As expected, my outline changed a bit. I combined all of the books into one chapter where I discuss their similarities. Then I created another chapter where I talk about why Nora Khouri's book is different, dangerous and potentially useful. I submitted my first chapter. I would post that, but let us be serious, it is not ready for public consumption.
I know I have a few new readers and thank you for following! It gives me a kick (not of the Inception variety) to write some more, which is helpful.
I planned on writing tonight. I thought of discussing the contents of my last chapter, but last night, I got into an argument regarding Arab women. The question was this:
"As someone who wants to teach Arabic, do you find trouble reconciling the desire to teach it with the abuses of women in those countries?"
Barely missing a beat, I said, "No."
I will allow that yes, there is suppression (of all genders) in this "Arab" world (which is vast) that he speaks of...but this question draws a direct relationship between the language and sociological issues, history, and images portrayed by the media. And as the Juan Williams scandal has taught us anything, making direct correlations between something like language/appearance and sociological issues is probably politically incorrect. If I wanted to teach any other language, a question of this variety would not have been asked. I did not bring this up in our argument, but I figured I would get too angry to do so gracefully.
It was mostly how we perceived women in the "East" and how that is a problem. I went into the details of why his perception of "Arab women" was complicated by the way it is portrayed historically. (My step-Dad backed me up, props to him.)
I wish I could say I was the image of eloquence, composition, and that I didn't fume the entire dinner.
That would be a lie. I became a bit of a curmudgeon. I have a slight, slight temper, which rarely shows unless this issue is broached.
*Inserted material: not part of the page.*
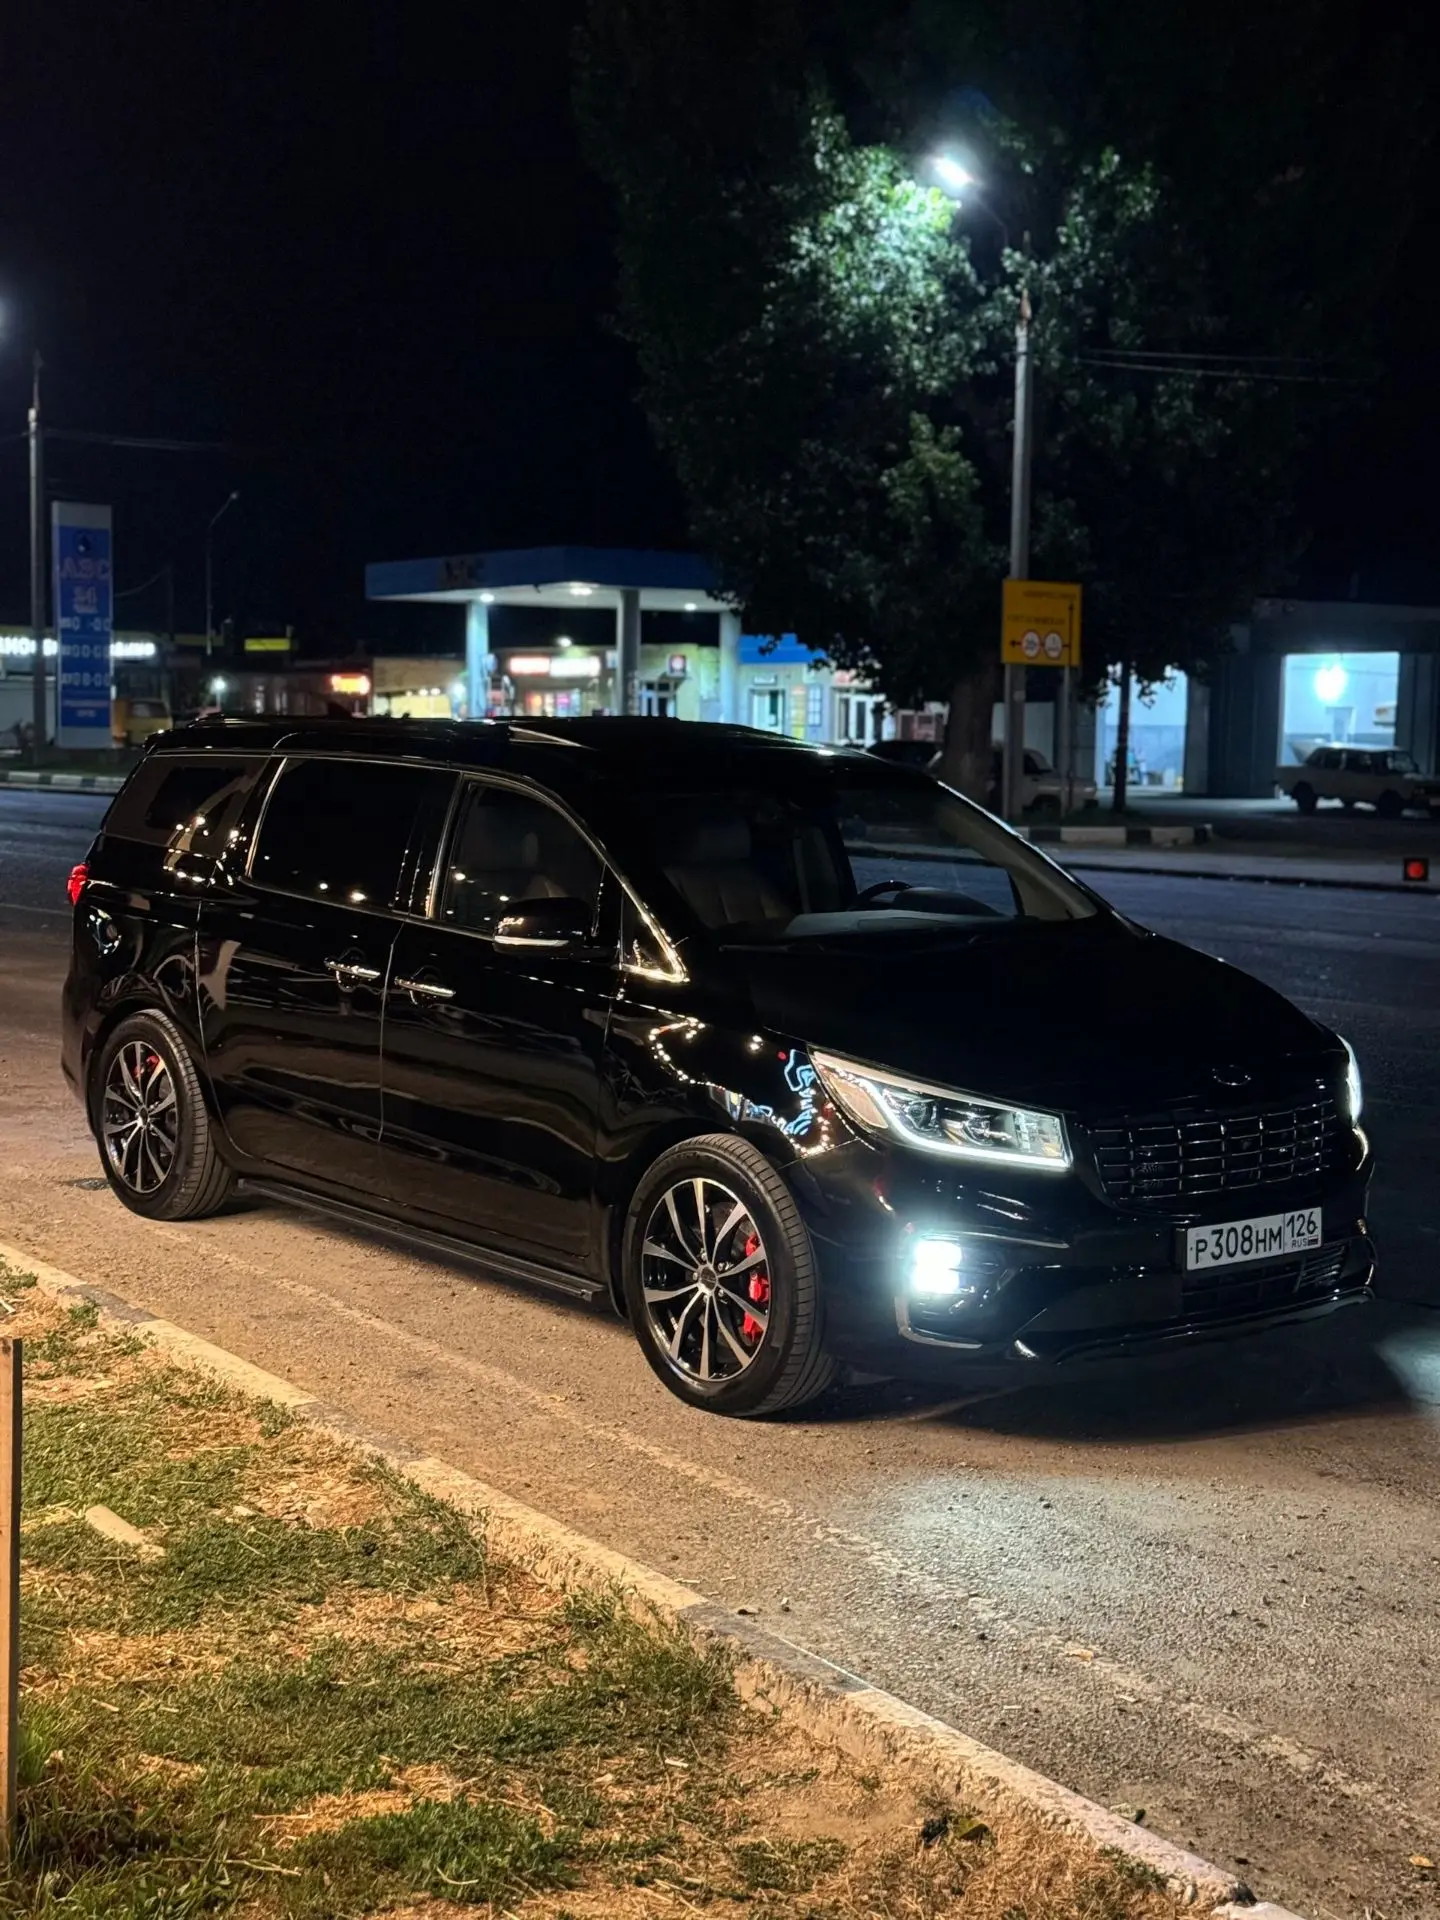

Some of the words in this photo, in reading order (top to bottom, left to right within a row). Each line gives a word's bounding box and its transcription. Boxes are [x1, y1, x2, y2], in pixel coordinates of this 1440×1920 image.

[1195, 1225, 1282, 1264] Р308НМ
[1286, 1211, 1318, 1238] 126
[1291, 1237, 1308, 1248] RUS
So instead of rehashing the jumbled conversation, I provide some quotations of things I imagine myself saying in future conversations. (And hey, maybe you could say them too). The quotes are provided from Chandra Talpade Mohanty's Feminism Without Borders, 2003 from Duke University Press. Some of them are out of context, but I think the general idea of what Mohanty is trying to portray is pretty evident.
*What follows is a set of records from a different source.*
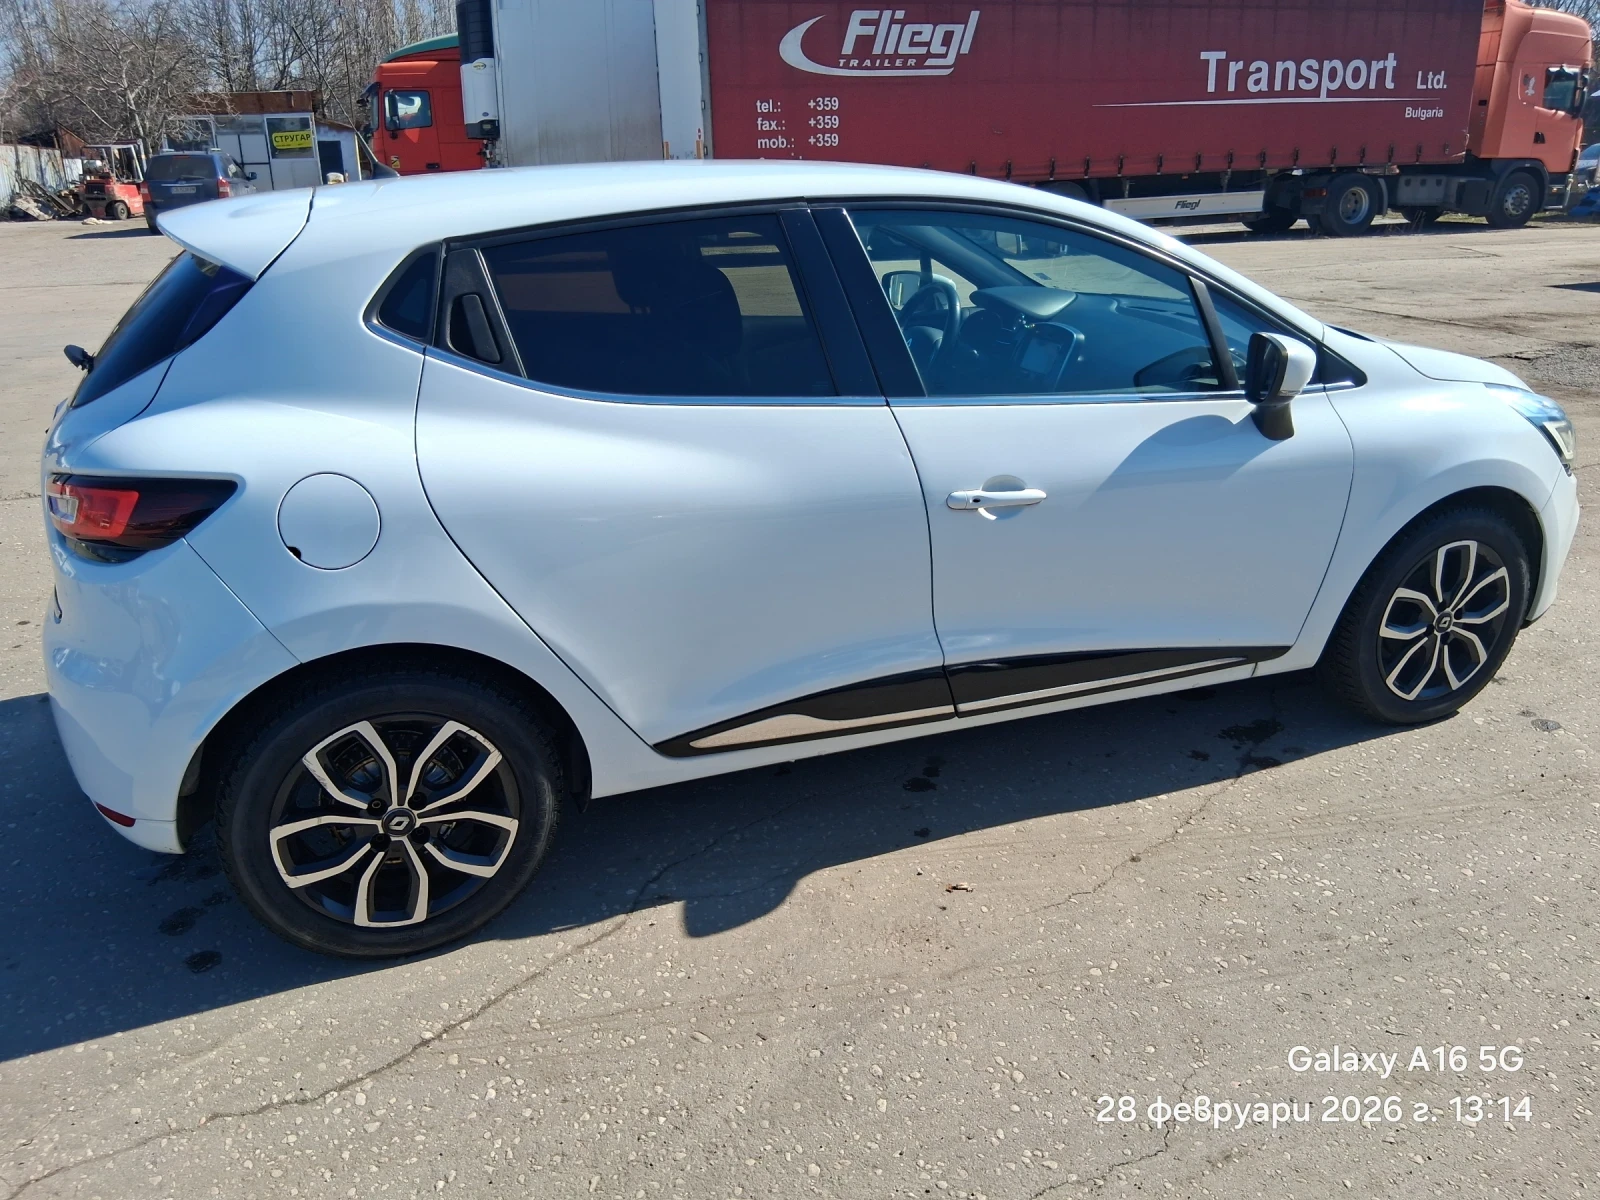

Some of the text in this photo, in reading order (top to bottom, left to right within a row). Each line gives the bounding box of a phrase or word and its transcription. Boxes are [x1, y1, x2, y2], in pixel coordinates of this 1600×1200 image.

[841, 10, 980, 66] Fliegl
[838, 58, 917, 67] TRAILER
[1200, 51, 1448, 98] Transport Ltd.
[756, 96, 839, 113] tel.: +359
[1404, 106, 1444, 121] Bulgaria
[757, 115, 840, 131] fax.: +359
[273, 133, 311, 143] СТРУГАР
[757, 133, 839, 149] mob.: +359
“Not only is it problematic to speak of a vision of women shared by Arab and Muslim societies (i.e., over twenty different countries) without addressing the particular historical, material, and ideological power structures that construct such images, but to speak of the patriarchal family or the tribal kinship structures as the origin of the socioeconomic status of women is to assume again that women are sexual-political subjects prior to their entry into the family So while, on the one hand, women attain value or status within the family, the assumption of a singular patriarchal kinship system (common to all Arab and Muslim societies) is what apparently structures women as an oppressed group in these society. This singular, coherent kinship system presumably influences another separate and given entity ‘women.’ Thus, all women, regardless of class and cultural differences, are affected by this system. Not only are all Arab and Muslim women seen to constitute a homogeneous oppressed group, but there is no discussion of the specific practices within the family that constitute women as mothers, wives, sisters, and so on. Arabs and Muslims, it appears, don’t change at all. Their patriarchal family is carried over from the times of the prophet Muhammad. They exist, as it were, outside history.” (28)
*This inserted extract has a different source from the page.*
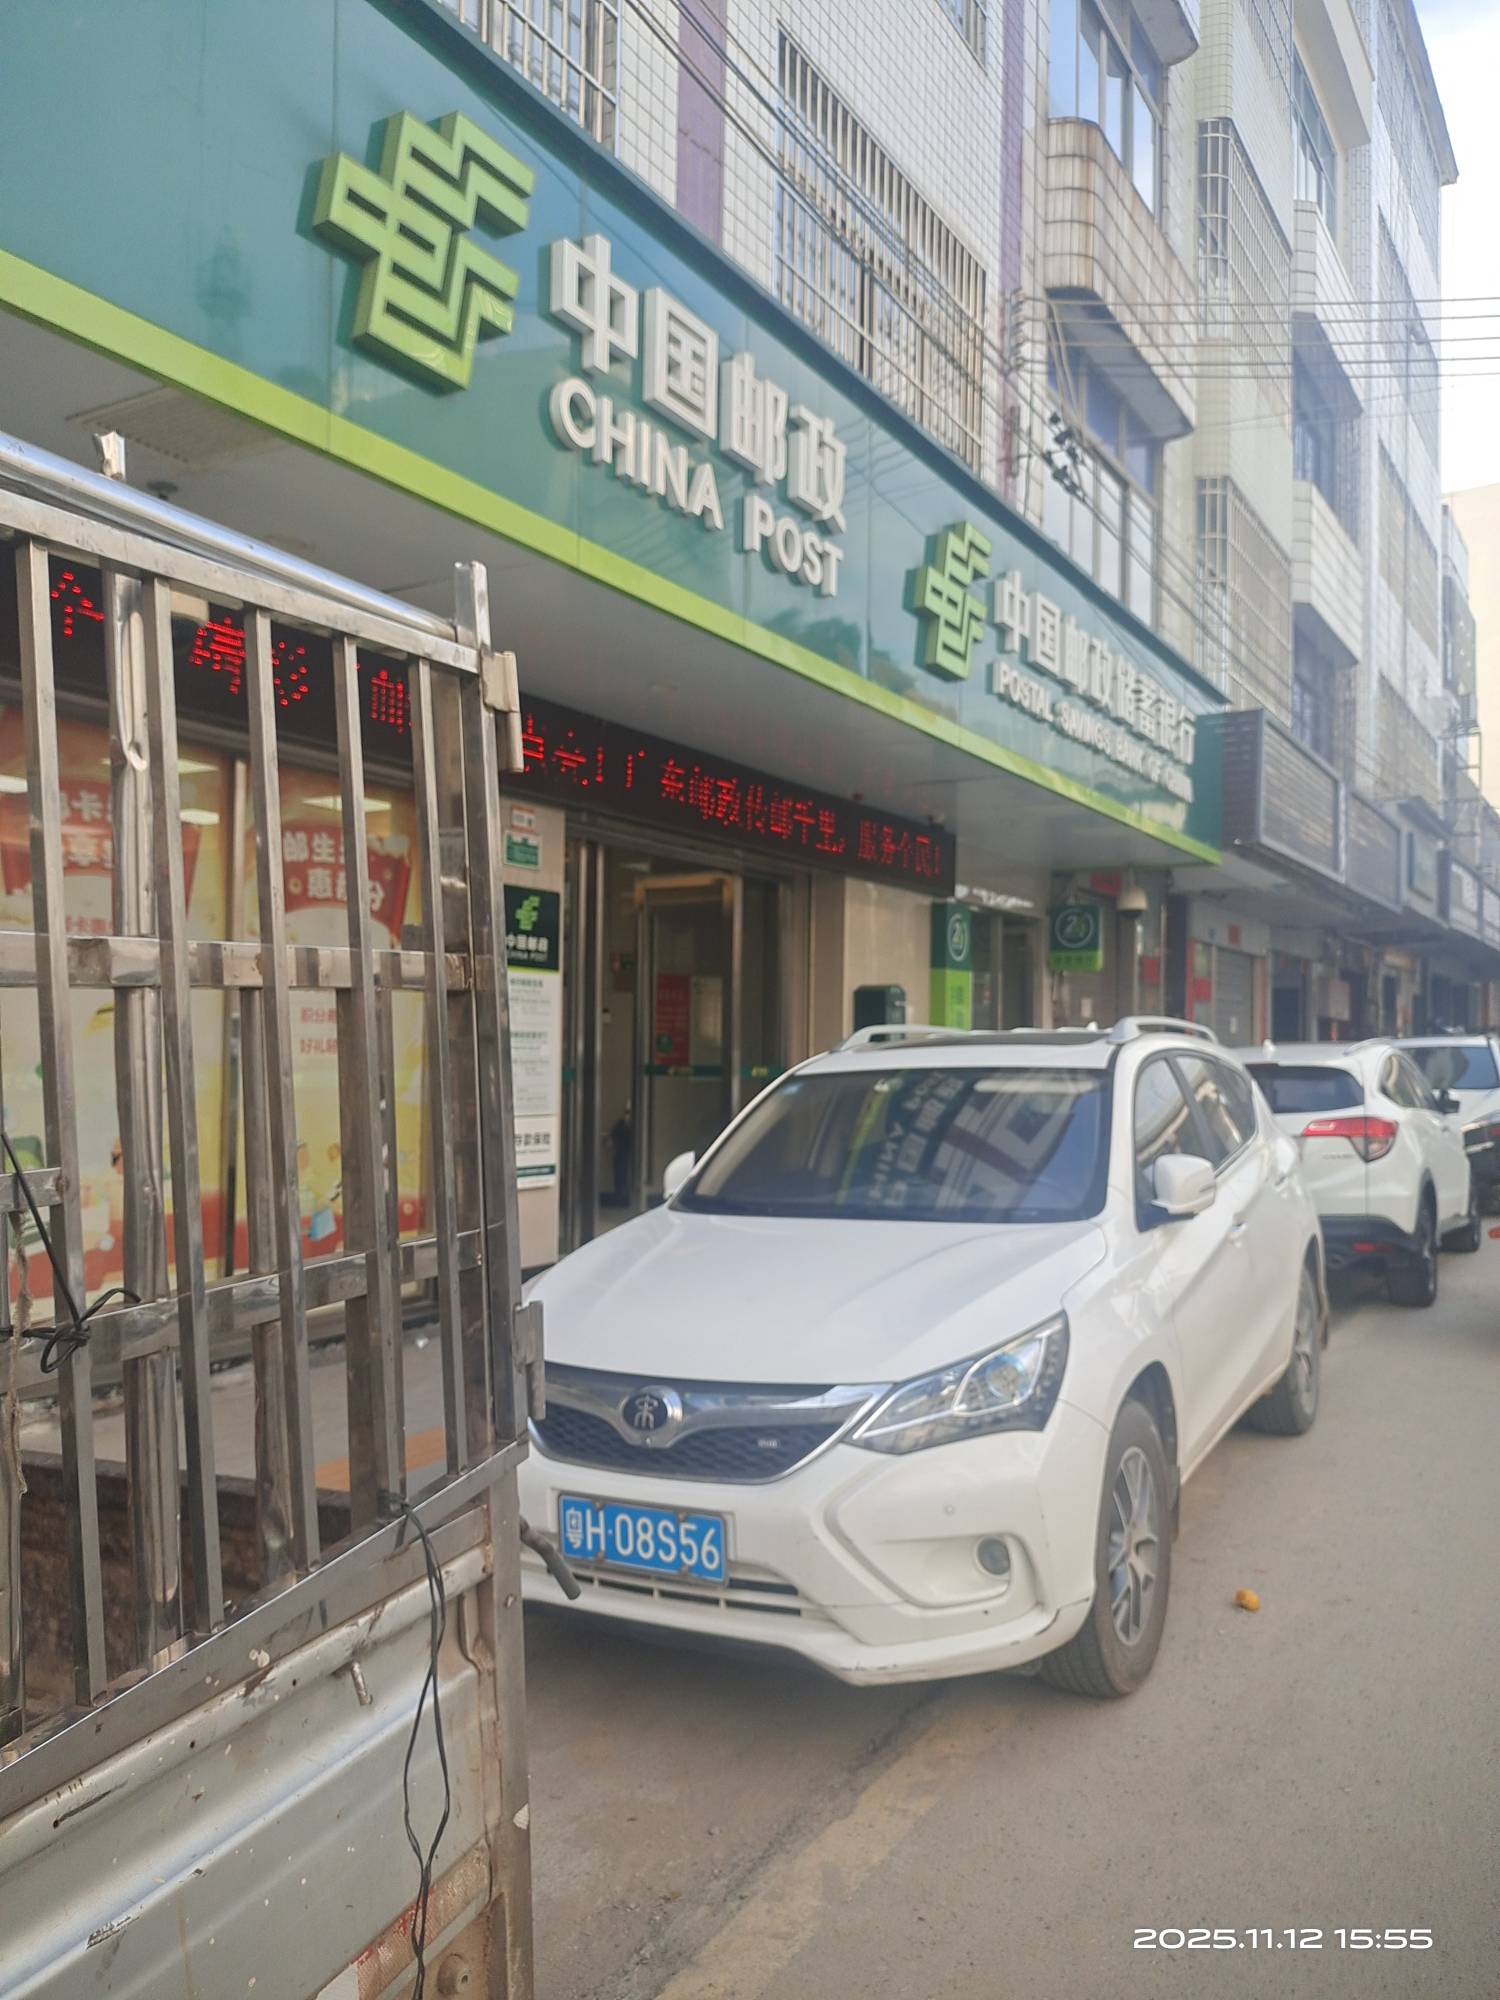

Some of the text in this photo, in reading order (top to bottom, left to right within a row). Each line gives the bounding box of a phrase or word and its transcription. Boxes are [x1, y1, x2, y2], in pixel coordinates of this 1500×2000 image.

[549, 377, 843, 597] CHINA POST
[550, 234, 847, 533] 中国邮政
[992, 660, 1054, 723] POSTAL
[993, 569, 1196, 765] 中国邮政储蓄银行
Mohanty quotes Marnia Lazreg: “A ritual is established whereby the writer appeals to religion as the cause of gender inequality just as it is made the source of underdevelopment in much of modernization theory in an uncanny way…The overall effect of this paradigm is to deprive women of self-presence, of being. Because women are subsumed under religion presented in fundamental terms, they are inevitably seen as evolving in non historical time. They virtually have no history.” (29)
"Similarly, a large number of different, fragmented examples from a variety of countries also apparently add up to a universal fact. For instance, Muslim women in Saudi Arabi, Iran, Pakistan, India and Egypt all wear some sort of veil. Hence, the argument goes, sexual control of women is a uneversal fact in those countries." (33)
I won't overwhelm you all with anymore quotes. Or with my obvious bitterness towards the aforementioned conversation.
Wish me luck on constructing my next chapter(s). I wish you all a lovely end-of-fall.